The reply should contain every entry below exactly as written, with no images.

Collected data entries
[Start of Attachment]
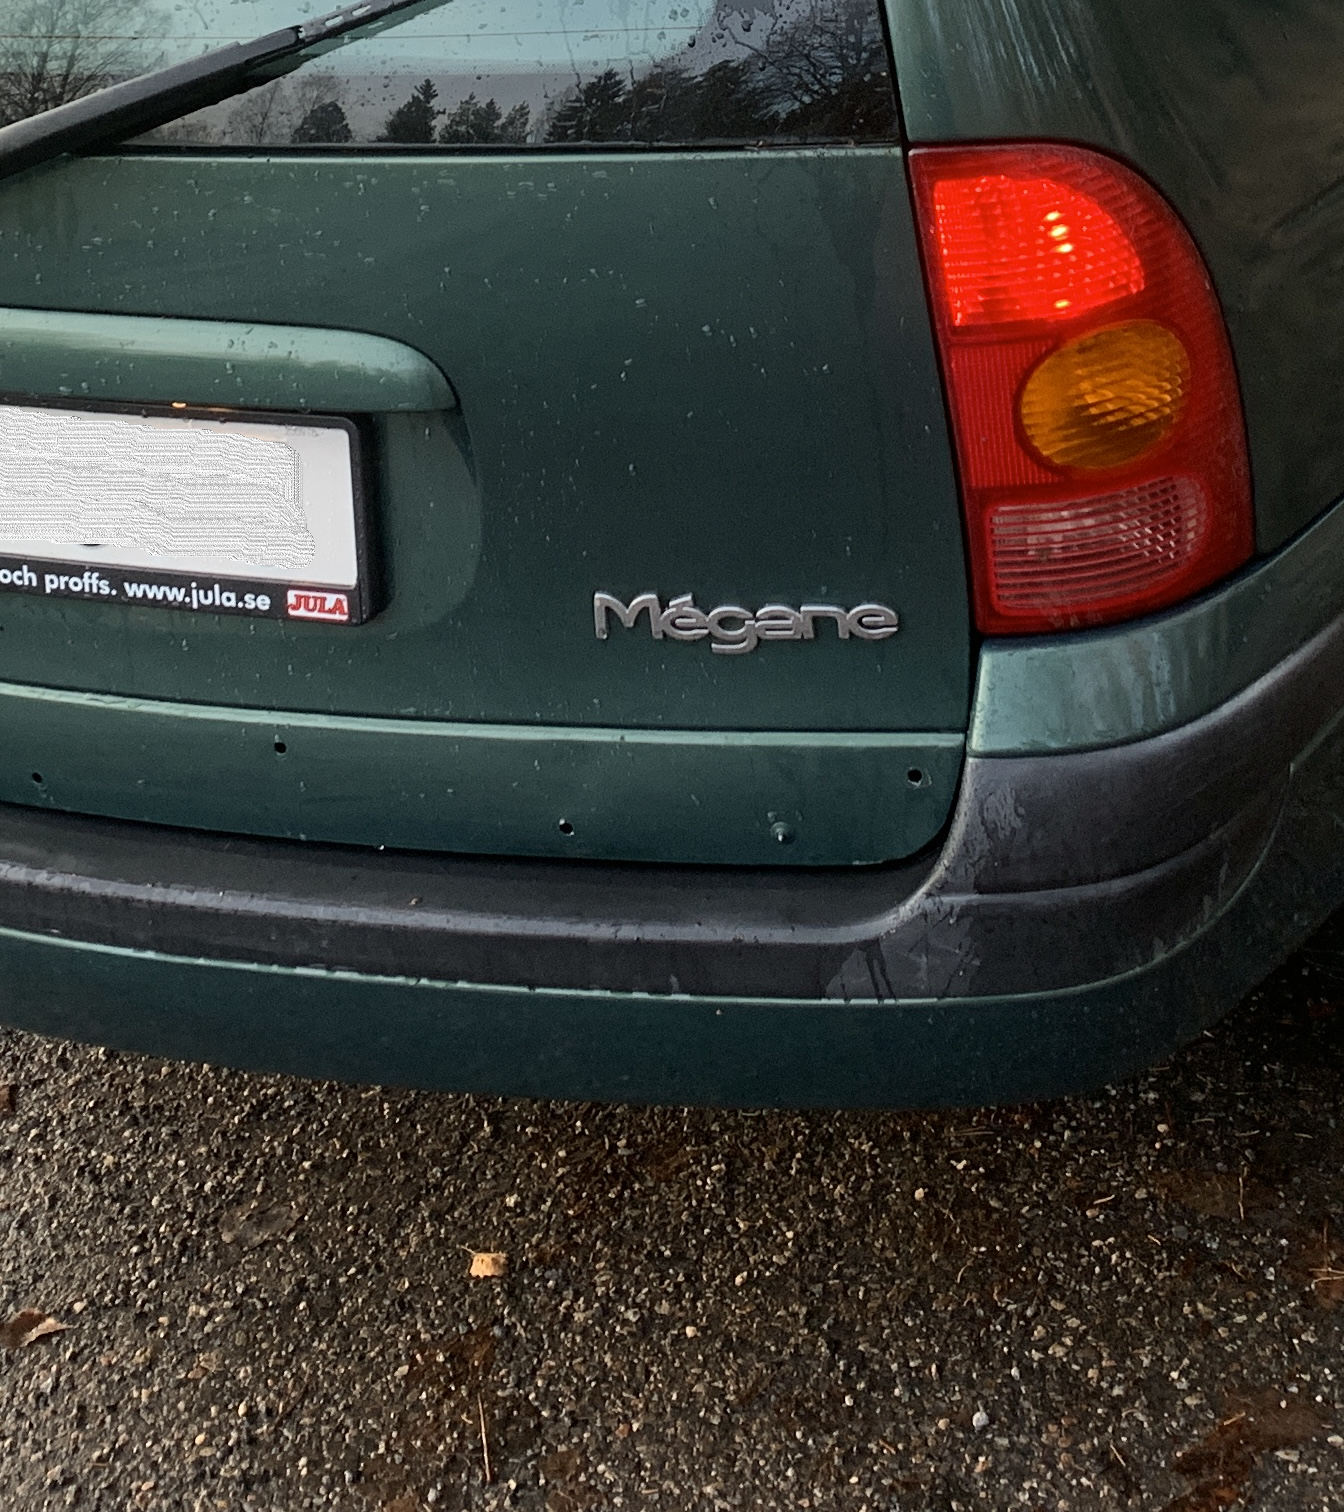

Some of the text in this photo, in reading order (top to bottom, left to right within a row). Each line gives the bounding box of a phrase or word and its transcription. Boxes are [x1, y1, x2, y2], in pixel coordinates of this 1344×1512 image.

[44, 571, 118, 596] proffs.
[123, 581, 272, 611] www.jula.se
[286, 594, 349, 616] JULA
[593, 590, 899, 655] Mégane
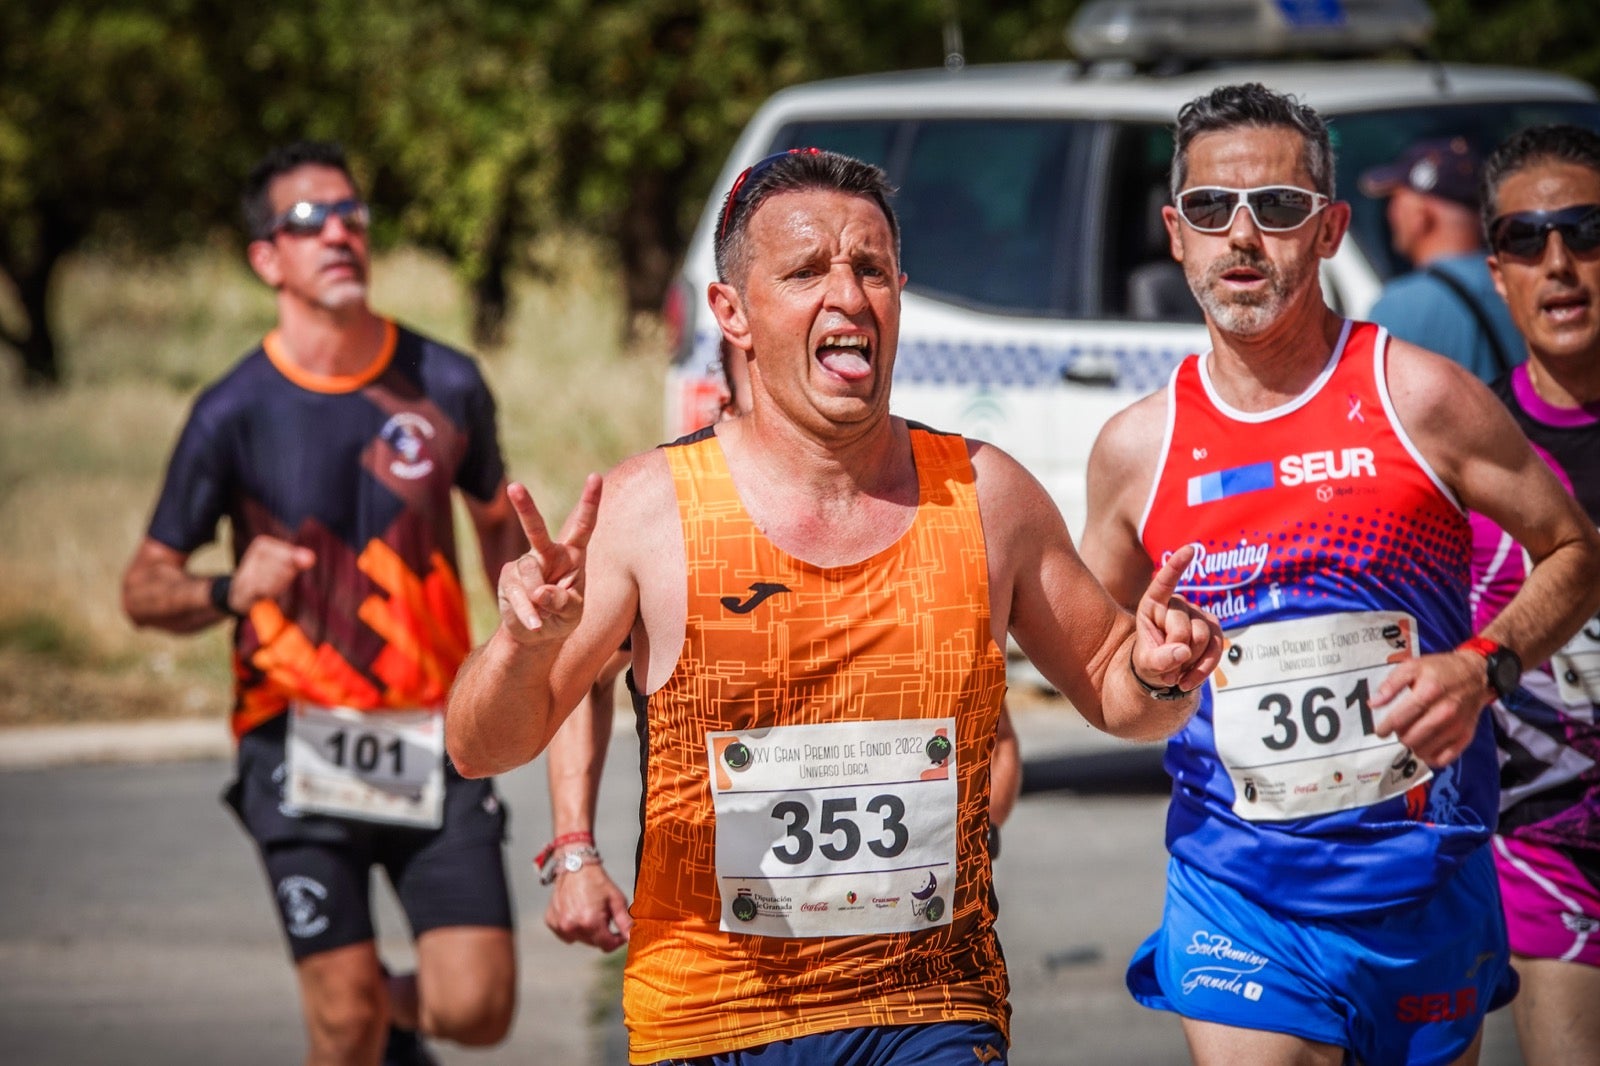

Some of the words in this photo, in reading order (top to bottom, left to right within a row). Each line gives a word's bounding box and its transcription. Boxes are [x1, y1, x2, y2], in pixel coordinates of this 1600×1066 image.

[1279, 447, 1376, 486] SEUR
[1258, 677, 1376, 751] 361
[327, 729, 404, 775] 101
[804, 743, 840, 761] PREMIO
[860, 739, 892, 758] FONDO
[895, 736, 923, 755] 2022
[799, 763, 839, 779] UNIVERSO
[842, 760, 869, 776] LORCA
[771, 795, 909, 865] 353
[754, 893, 792, 904] Diputación
[1396, 987, 1477, 1023] SEUR
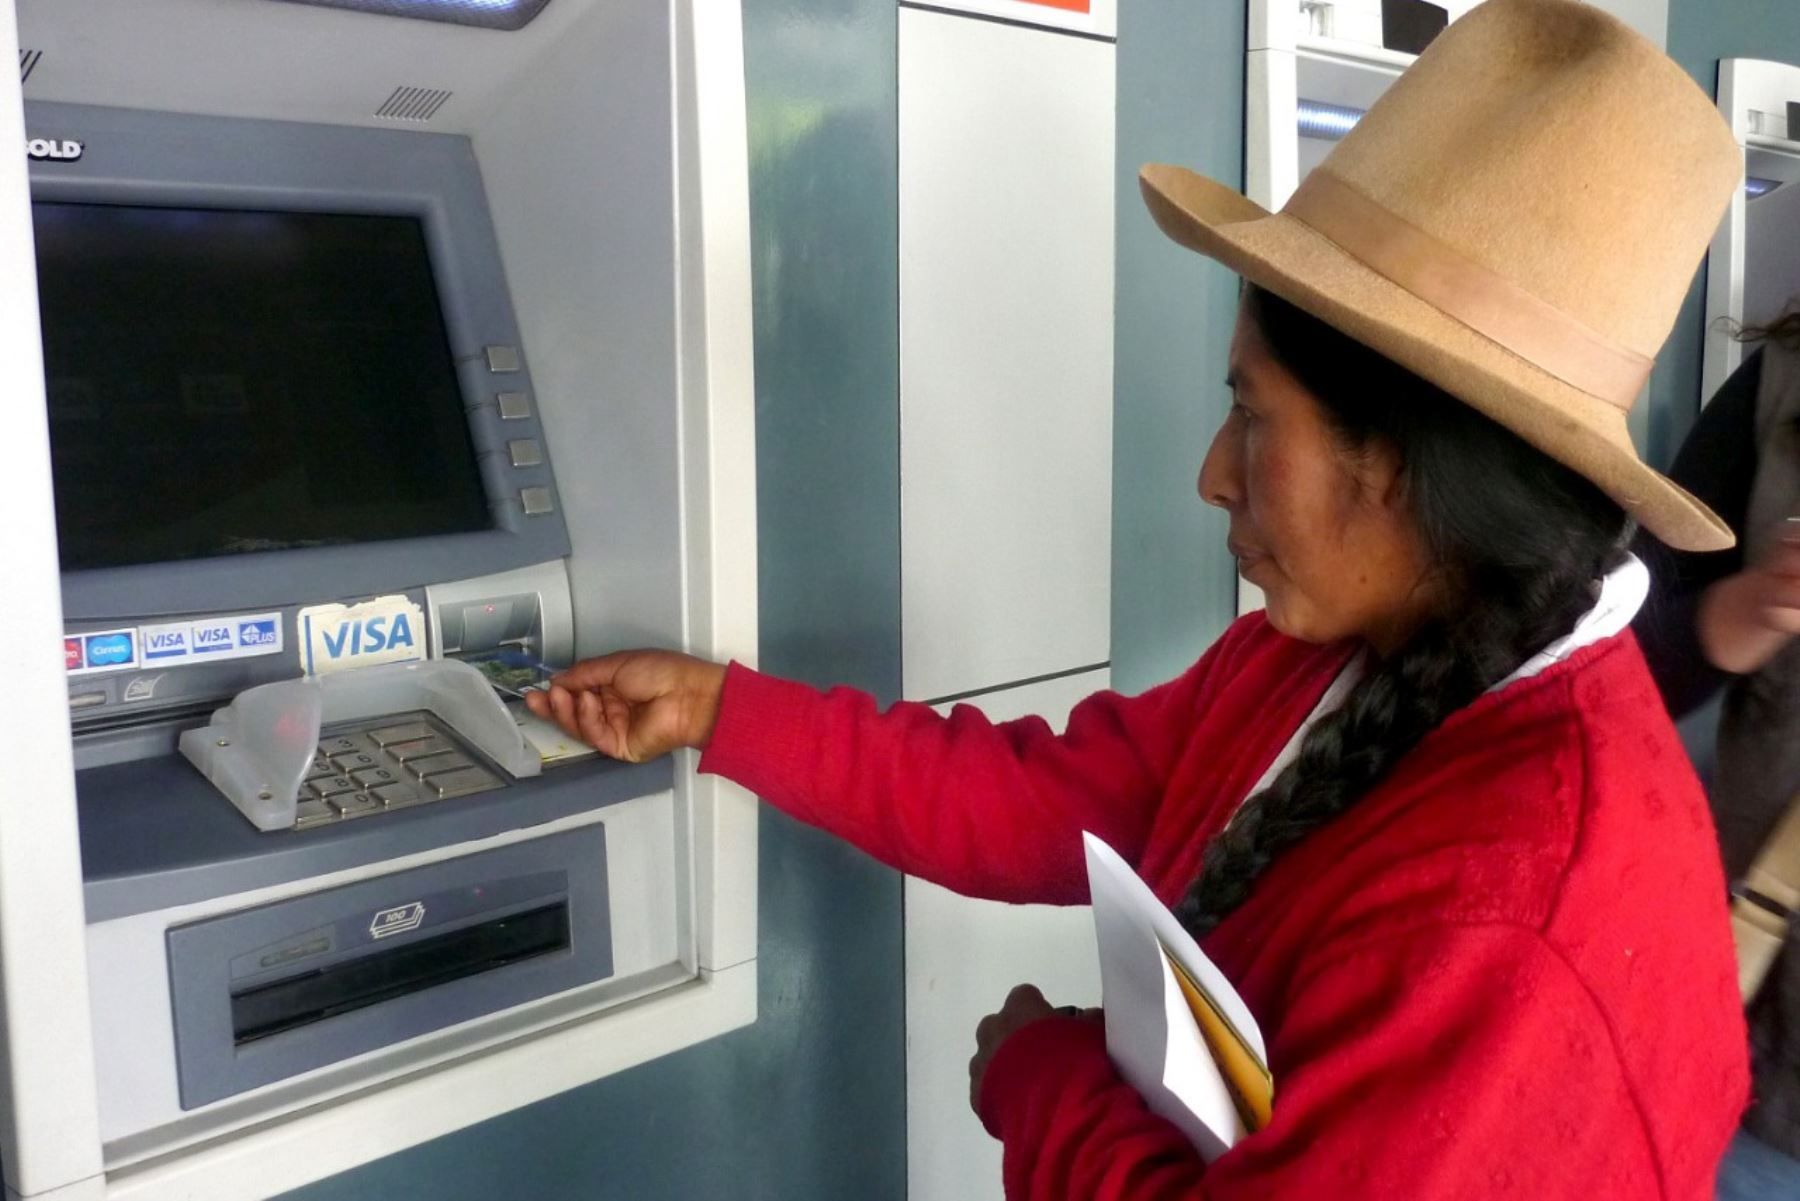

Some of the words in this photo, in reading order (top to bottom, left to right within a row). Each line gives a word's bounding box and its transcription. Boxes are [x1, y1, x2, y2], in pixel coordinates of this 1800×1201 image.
[End of Attachment]
→ **WRITTEN REPLY**:
Some of the text in this photo, in reading order (top to bottom, left to right within a row). Each line gives the bounding box of a phrase or word and its transcription. Boxes are [x1, y1, x2, y2], in pixel coordinates of this 1344×1512 image.

[44, 571, 118, 596] proffs.
[123, 581, 272, 611] www.jula.se
[286, 594, 349, 616] JULA
[593, 590, 899, 655] Mégane

Some of the words in this photo, in reading order (top to bottom, left to right within a row). Each line gives a word's bounding box and its transcription. Boxes are [x1, y1, x2, y2], in pixel coordinates of this 1600×1066 image.

[1279, 447, 1376, 486] SEUR
[1258, 677, 1376, 751] 361
[327, 729, 404, 775] 101
[804, 743, 840, 761] PREMIO
[860, 739, 892, 758] FONDO
[895, 736, 923, 755] 2022
[799, 763, 839, 779] UNIVERSO
[842, 760, 869, 776] LORCA
[771, 795, 909, 865] 353
[754, 893, 792, 904] Diputación
[1396, 987, 1477, 1023] SEUR

Some of the words in this photo, in reading order (top to bottom, left to right within a row). Each line gives a word's bounding box and its transcription. Boxes are [x1, y1, x2, y2], in pixel coordinates of this 1800×1201 image.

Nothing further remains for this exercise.